This may be done within Rosetta by storing the unrotated derivatives for every atom in the symmetric complex. With backbone and sidechain torsions, the naive strategy – rotating each subunit to the master one – may be used. Then, at each symmetric jump, the transformation mapping the parent virtual residue to the master's virtual residue at the same level in the hierarchy is applied. Since the lower levels in the hierarchy have already added their layer's rotated gradients, this can be handled by assigning a “correction gradient” to the virtual residues within the upper levels of the symmetry hierarchy. That is, the virtual residue is assigned a “gradient” that is the result from subtracting all the previously rotated gradients and adding the all the newly rotated gradients of every atom in the subtree beneath it. Figure 7(b) illustrates this idea graphically.

Finally, notice that we use the term gradient loosely here. Rosetta's implementation uses the recurrence of Abe et al. to pass along two components of the gradient up the fold tree, denoted *f*_{1} and *f*_{2}, which allows for efficient conversion between Cartesian space and torsion space gradients. In this case, the correction factors associated with virtual residues are applied directly to these *f*_{1}s and *f*_{2}s, instead of the gradients.

Within Rosetta3, this is currently only implemented for the symmetry-aware electron density scoring function. The code for this may be found in src/core/scoring/electron_density/ElectronDensityEnergy.cc.

### Applications of Symmetric Modeling

In this section, we provide a practical guide to modeling symmetrical structures with Rosetta. We first describe the file format by which symmetry information is encoded. Then, we introduce four different symmetry-enabled Rosetta applications (symmetric docking, fold-and-dock, comparative modeling and fixed backbone design) and describe how they may be configured to make use of the symmetry machinery. Together with this manuscript we distribute a set of canonical test cases as Supporting File S1 for these four applications.

### Symmetry definition files

Everything that Rosetta needs to know about the symmetry of the system is encoded in the symmetry definition file (SDF), which is provided as input to any Rosetta protocol run with symmetry. This file provides: *(i)* information about how to generate the rigid body symmetry of the molecular system, *(ii)* how to calculate the total energy of the systems from a subset of modeled subunits, *(iii)* how to calculate energy gradients, *(iv)* what the rigid body degrees of freedom are, *(v)* how to generate the initial configuration of the symmetric system, and *(vi)* how the system may be perturbed while maintaining symmetry. Given the complexity of the required information, we provide two scripts to generate SDFs for the most common symmetries and modeling tasks, which are described in the next section. However, sometimes a problem requires customization or even “handcrafting” of SDFs. In this section we provide a brief description of the key elements of the syntax of SDFs. A full review can be found in Supporting Material S1.

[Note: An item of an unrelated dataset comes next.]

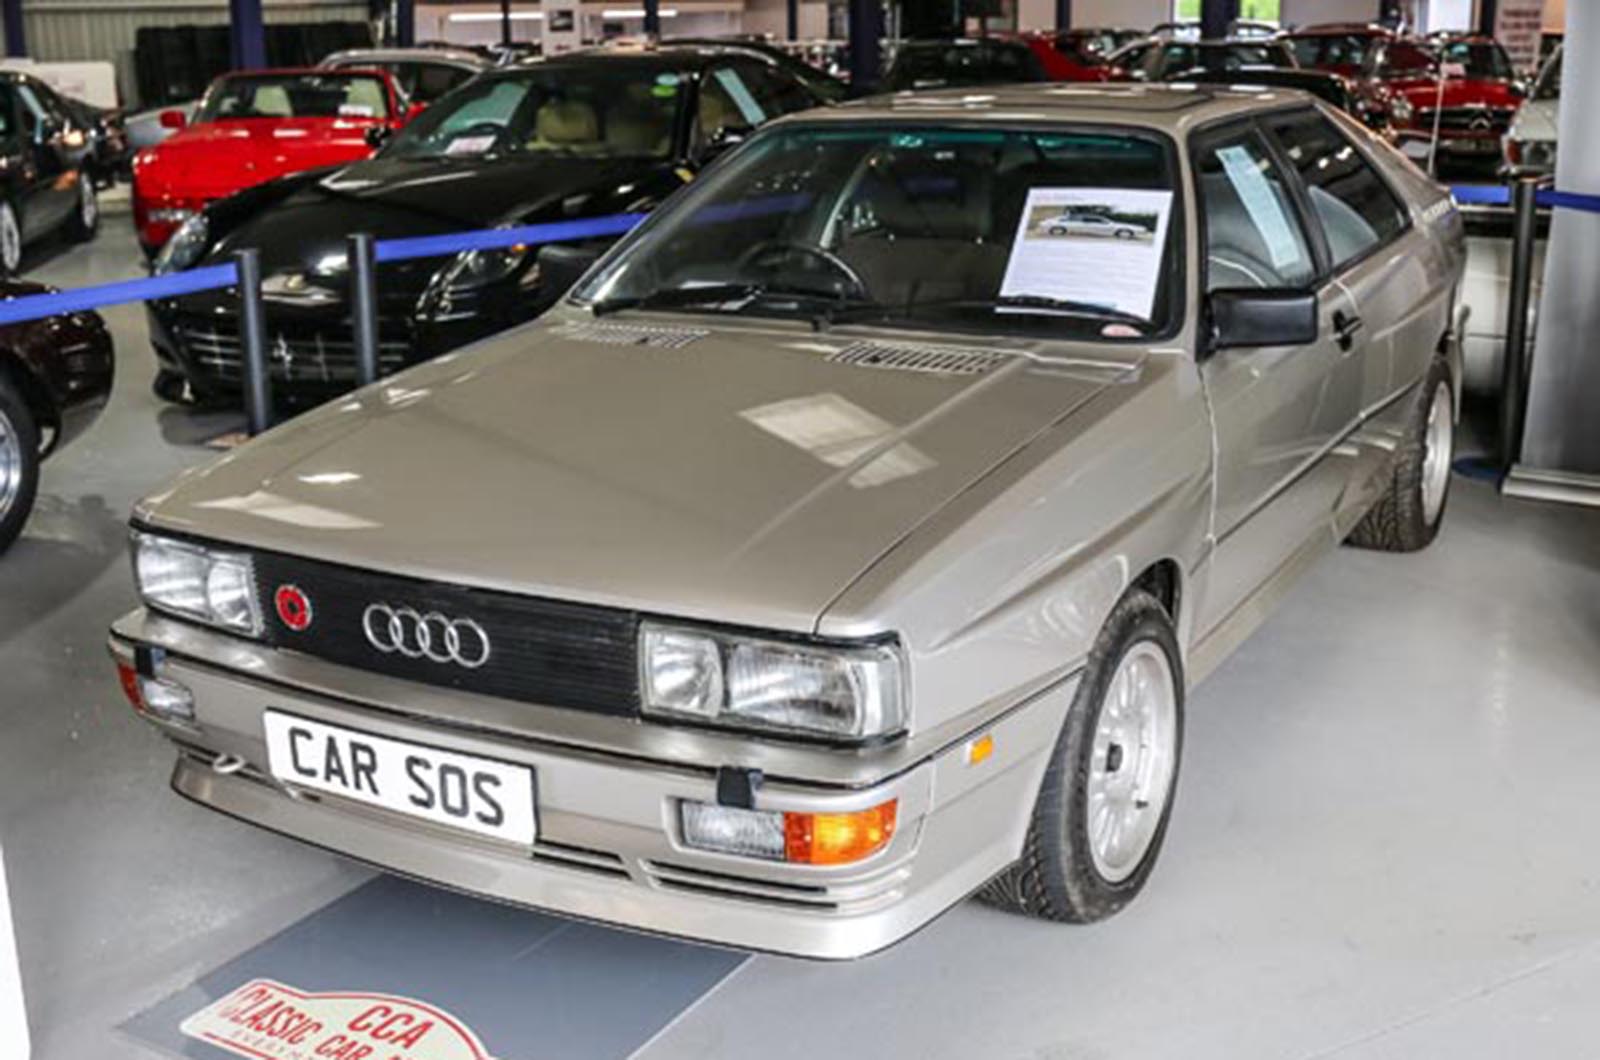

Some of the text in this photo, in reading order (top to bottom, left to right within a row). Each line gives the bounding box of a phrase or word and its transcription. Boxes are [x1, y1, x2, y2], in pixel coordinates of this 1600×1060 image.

[289, 727, 504, 826] CAR SOS
[217, 987, 323, 1045] CLASSIC
[314, 1034, 374, 1060] CAR
[347, 1004, 435, 1050] CCA

#### Overview of the format.

Figure 8 shows two SDFs for setting up the C2 symmetry. One of them is generated by application of the *make_symmdef_file.pl* script to the dimeric crystal structure of alcohol dehydrogenase, while the other is generated by make*_symmdef_file_denovo.py* without a structure input. These scripts each serve a different purpose: *make_symmdef_file.pl* is used to create symmetry information by replicating the symmetric transformation (including the global coordinate frame) from a preexisting symmetric complex, which may be used in docking perturbation studies or comparative modeling; while *make_symmdef_file_denovo.py* is used to “bootstrap” symmetry information in the absence of a preexisting structure, as in *de novo* modeling.

**(a)** Symmetry definition file for alcohol dehydrogenase (pdb id 1htb) generated by *make_symmdef_file.pl*. **(b)** Symmetry definition file generated by *make_symmdef_file_denovo.py* for denovo structure prediction.

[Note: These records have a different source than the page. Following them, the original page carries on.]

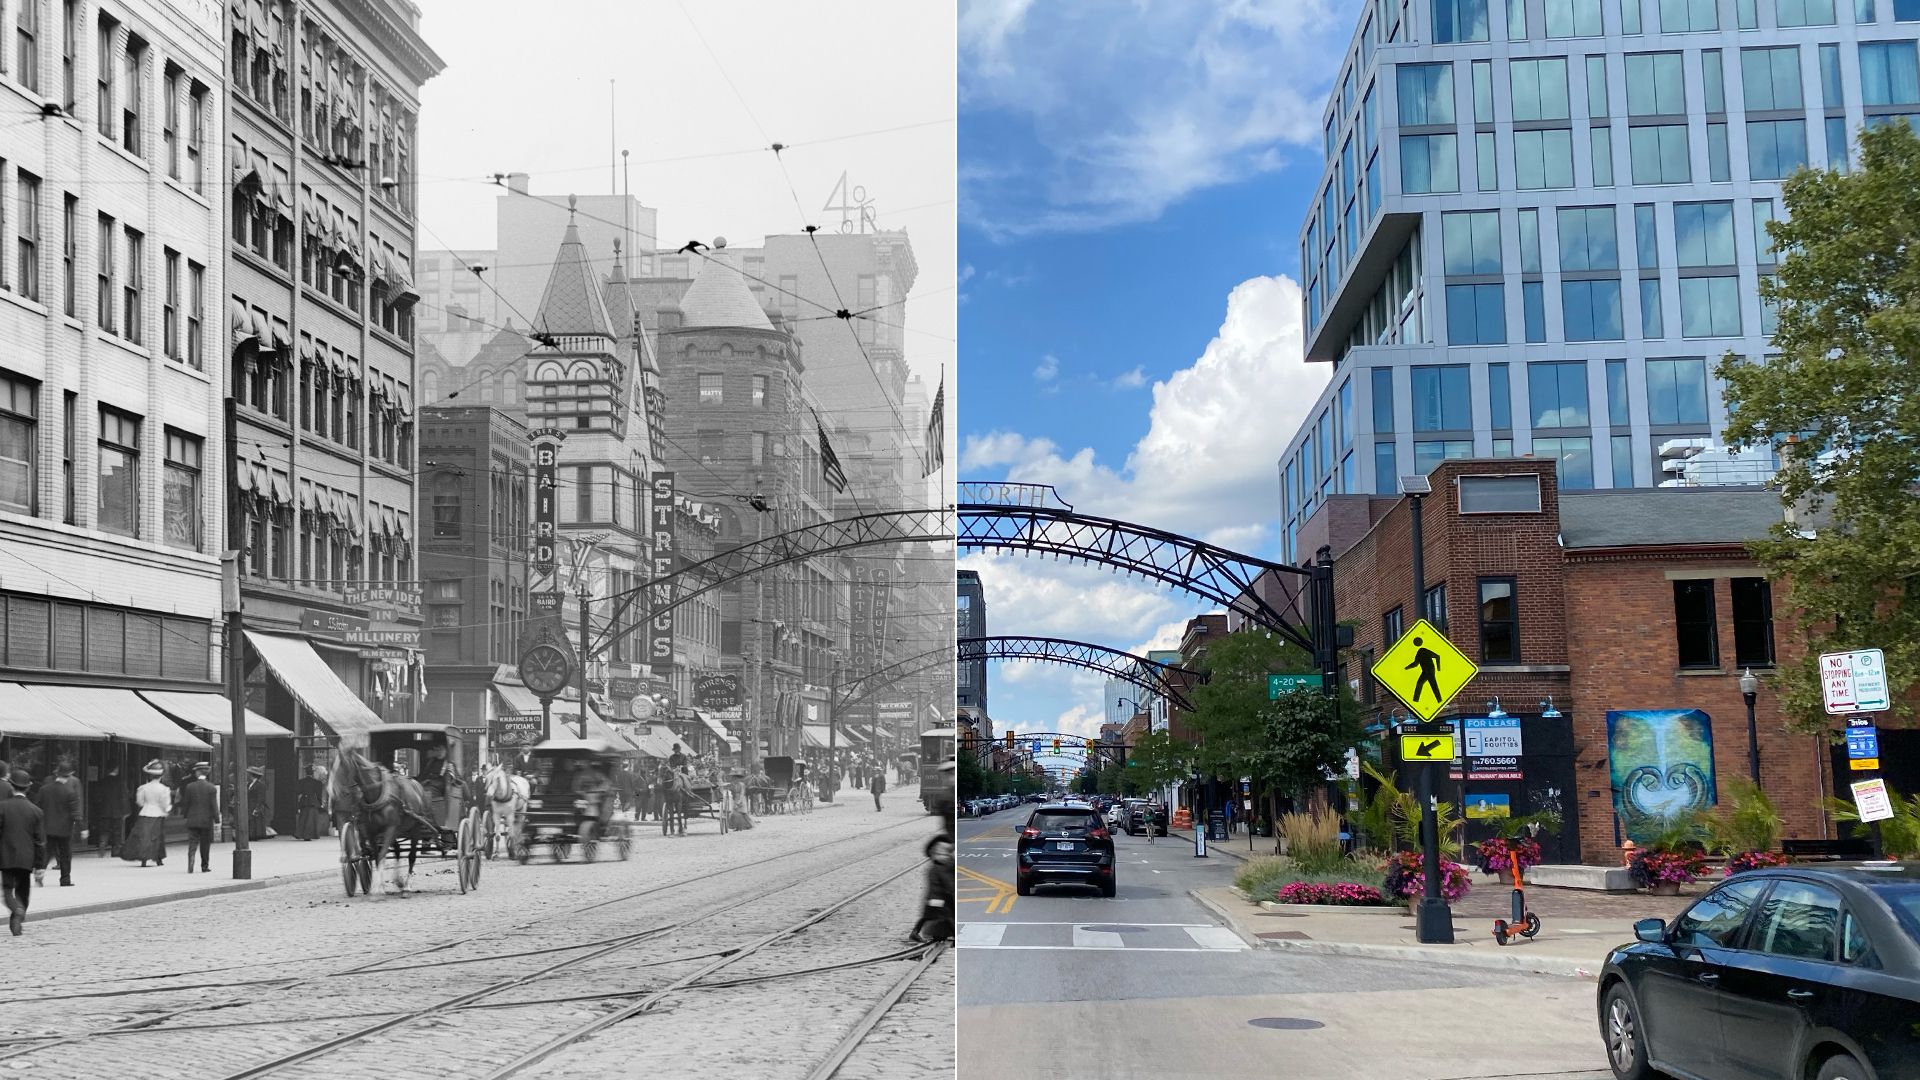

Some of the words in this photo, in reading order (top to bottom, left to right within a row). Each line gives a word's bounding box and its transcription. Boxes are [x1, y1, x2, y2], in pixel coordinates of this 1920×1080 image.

[961, 484, 1044, 506] NORTH
[537, 449, 553, 562] BAIRD
[345, 592, 367, 604] THE
[370, 589, 393, 600] NEW
[395, 590, 421, 605] IDEA
[376, 610, 392, 620] IN
[346, 632, 421, 643] MILLINERY
[1830, 658, 1843, 668] NO
[1825, 669, 1851, 679] STOPPING
[1273, 678, 1294, 686] 4-20
[1832, 680, 1847, 689] ANY
[1832, 689, 1849, 698] TIME
[703, 697, 735, 706] STORE
[1489, 719, 1517, 727] LEASE

One of the key purposes of the SDF is to inform Rosetta how to evaluate the energy of a structure in a symmetric fashion. In the SDF for alcohol dehydroganase in Figure 8 the following line provides a recipe to calculate the energy of the dimer by evaluating only a subset of the atomic interactions:

E = 2*VRT0_base + 1*(VRT0_base:VRT1_base)

In this example, the subunit that is connected to the virtual residue *VRT0_base* is the scoring subunit and the internal energies in this subunit is multiplied by a factor of 2 to get the total system energy. Then intermolecular energies from the subunit connected to *VRT1_base* is added with a factor of 1.

A second key aspect of the SDF is to provide the coordinates of the reference frames – that is, the virtual residues – to set up the rigid body symmetry. There are two ways of specifying these coordinate frames: *explicitly*, through specification of their coordinates in Cartesian space together with the unit vectors specifying the X and Y axis of the reference frame, or *implicitly*, by application of a series of rotation and translation operations on a single virtual residue. In the alcohol dehydrogenase SDF the virtual residues are explicitly specified:

virtual_coordinates_start

xyz VRT0 0.1035485,-0.2974247,-0.9491134 0.9444017,0.3287938,0.0000000 3.6626788,5.0513324,-47.0664146

…

virtual_coordinates_stop

Here the virtual residue named *VRT0* is specified by three triplets encoding *x* and *y* unit vectors together with the origin. Alternatively, these virtual coordinates can be encoded implicitly, by application of rotation and translation operations. In the second SDF in Figure 8, the virtual coordinates are specified as:

virtual_transforms_start

start -1,0,0 0,1,0 0,0,0

rot Rz 2

virtual_transforms_stop

This specifies that the first virtual residue is encoded by the triplets defined after the start keyword. A second virtual residue is generated by application of twofold rotation around the Cartesian Z axis (rot Rz 2) on the start virtual residue.

A third key aspect of the SDF is specifying what dofs in the system are allowed to move, what their initial values should be and how to perturb them. In the SDF for alcohol dehydrogenase, the line:

set_dof JUMP0_to_com x(21.28) angle_x

specifies that for the jump named *JUMP0_to_com*, translation along *x* and rotation around the *x*-axis are allowed. The placement along *x* is also initialized (to a value of 21.28).

### Scripts for making symmetry definitions

Generally, symmetry definition files will not be hand-crafted, but rather, will be created by a script. There are two such scripts included with Rosetta3. The first of these, *make_symmdef_file.pl*, creates an SDF that recapitulates the symmetry from a PDB file. The second of these, *make_symmdef_file_denovo.py*, makes SDFs in a canonical coordinate frame, for use in symmetric docking or *de novo* folding with fold-and-dock.

#### make_symmdef_file.pl.

This script automatically creates symmetry definition files corresponding to the symmetry in some template protein structure. If the template is not symmetrical – for example, if differing crystal contacts between subunits cause some asymmetry – then it is “symmetrized” by the script. For these cases, simple heuristics are used to find a symmetric system nearby the target system. However, if the starting model is very asymmetric, the symmetrized structure may be very far from the input. Generally this is undesirable, and suggests modeling the system asymmetrically.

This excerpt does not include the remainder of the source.